■ What the task requires
Everything in the listing below needs restating exactly, apart from the pictures.
+===+
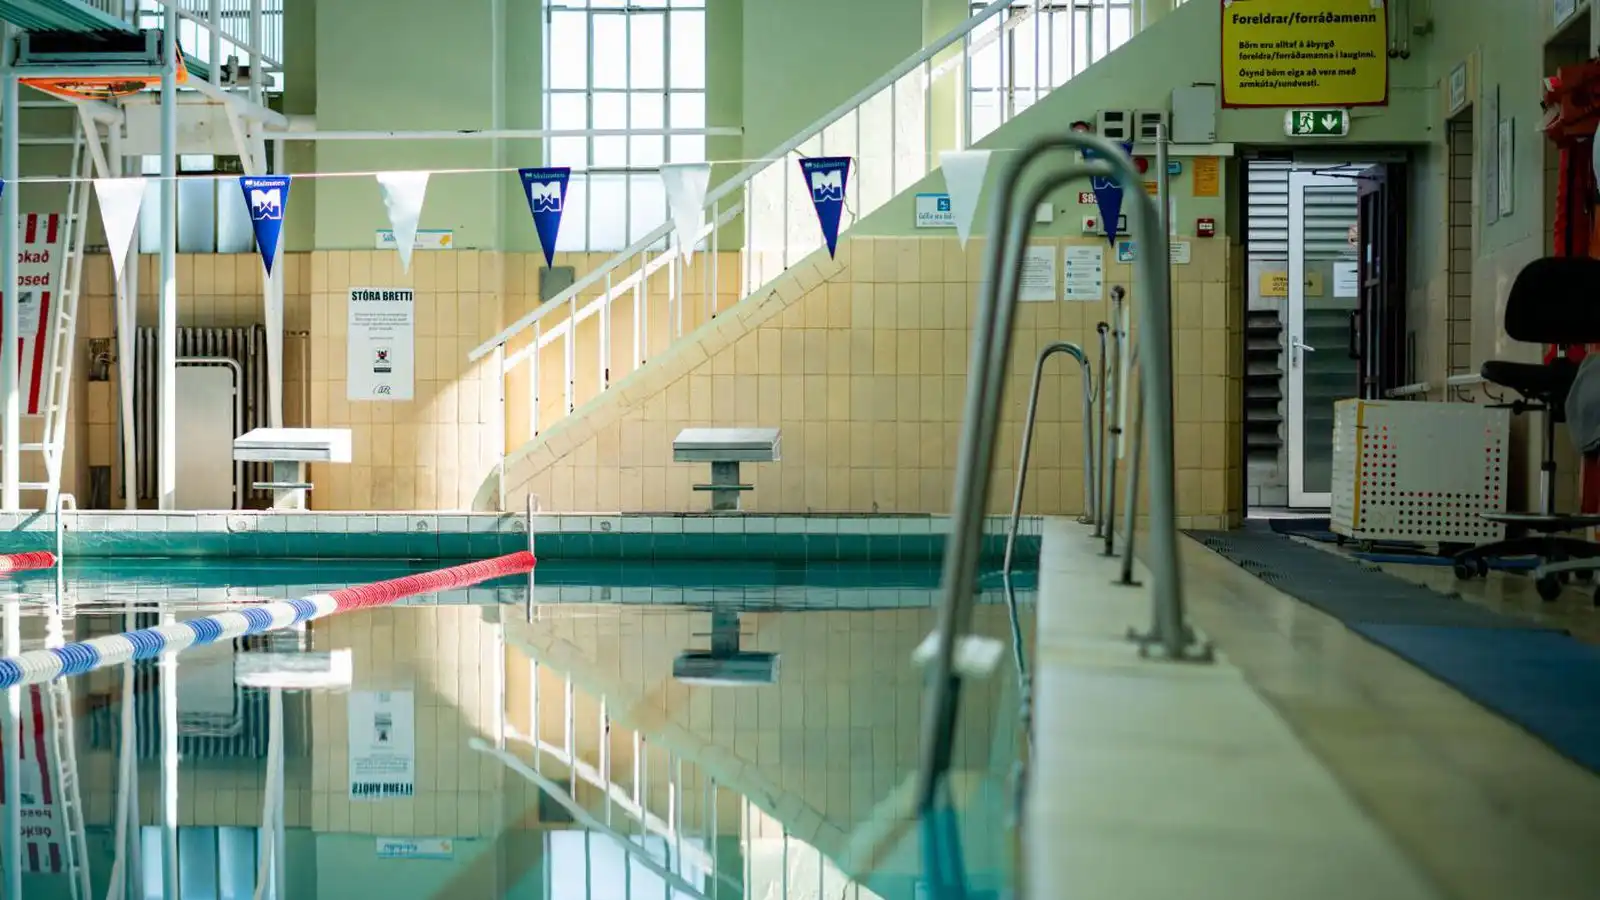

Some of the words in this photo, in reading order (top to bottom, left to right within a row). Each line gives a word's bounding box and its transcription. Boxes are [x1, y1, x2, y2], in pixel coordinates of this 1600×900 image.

[1232, 12, 1376, 25] Foreldrar/forráðamenn
[1239, 41, 1258, 49] Börn
[1276, 40, 1297, 49] alltaf
[1306, 40, 1335, 50] ábyrgð
[1239, 51, 1334, 60] foreldra/forráðamanna
[1340, 50, 1376, 60] lauginni.
[1239, 68, 1265, 78] Ósynd
[1266, 68, 1285, 76] börn
[1287, 68, 1305, 78] eiga
[1306, 68, 1317, 76] að
[1338, 67, 1357, 76] með
[1239, 80, 1320, 89] armkúta/sundvesti.
[18, 249, 49, 263] okað
[18, 272, 50, 285] osed
[351, 289, 381, 301] STÓRA
[382, 291, 413, 301] BRETTI
+===+
■ Your response
Some of the words in this photo, in reading order (top to bottom, left to right within a row). Each line gives a word's bounding box and its transcription. Boxes are [x1, y1, x2, y2], in pixel coordinates of this 1600×900 image.

[1232, 12, 1376, 25] Foreldrar/forráðamenn
[1239, 41, 1258, 49] Börn
[1276, 40, 1297, 49] alltaf
[1306, 40, 1335, 50] ábyrgð
[1239, 51, 1334, 60] foreldra/forráðamanna
[1340, 50, 1376, 60] lauginni.
[1239, 68, 1265, 78] Ósynd
[1266, 68, 1285, 76] börn
[1287, 68, 1305, 78] eiga
[1306, 68, 1317, 76] að
[1338, 67, 1357, 76] með
[1239, 80, 1320, 89] armkúta/sundvesti.
[18, 249, 49, 263] okað
[18, 272, 50, 285] osed
[351, 289, 381, 301] STÓRA
[382, 291, 413, 301] BRETTI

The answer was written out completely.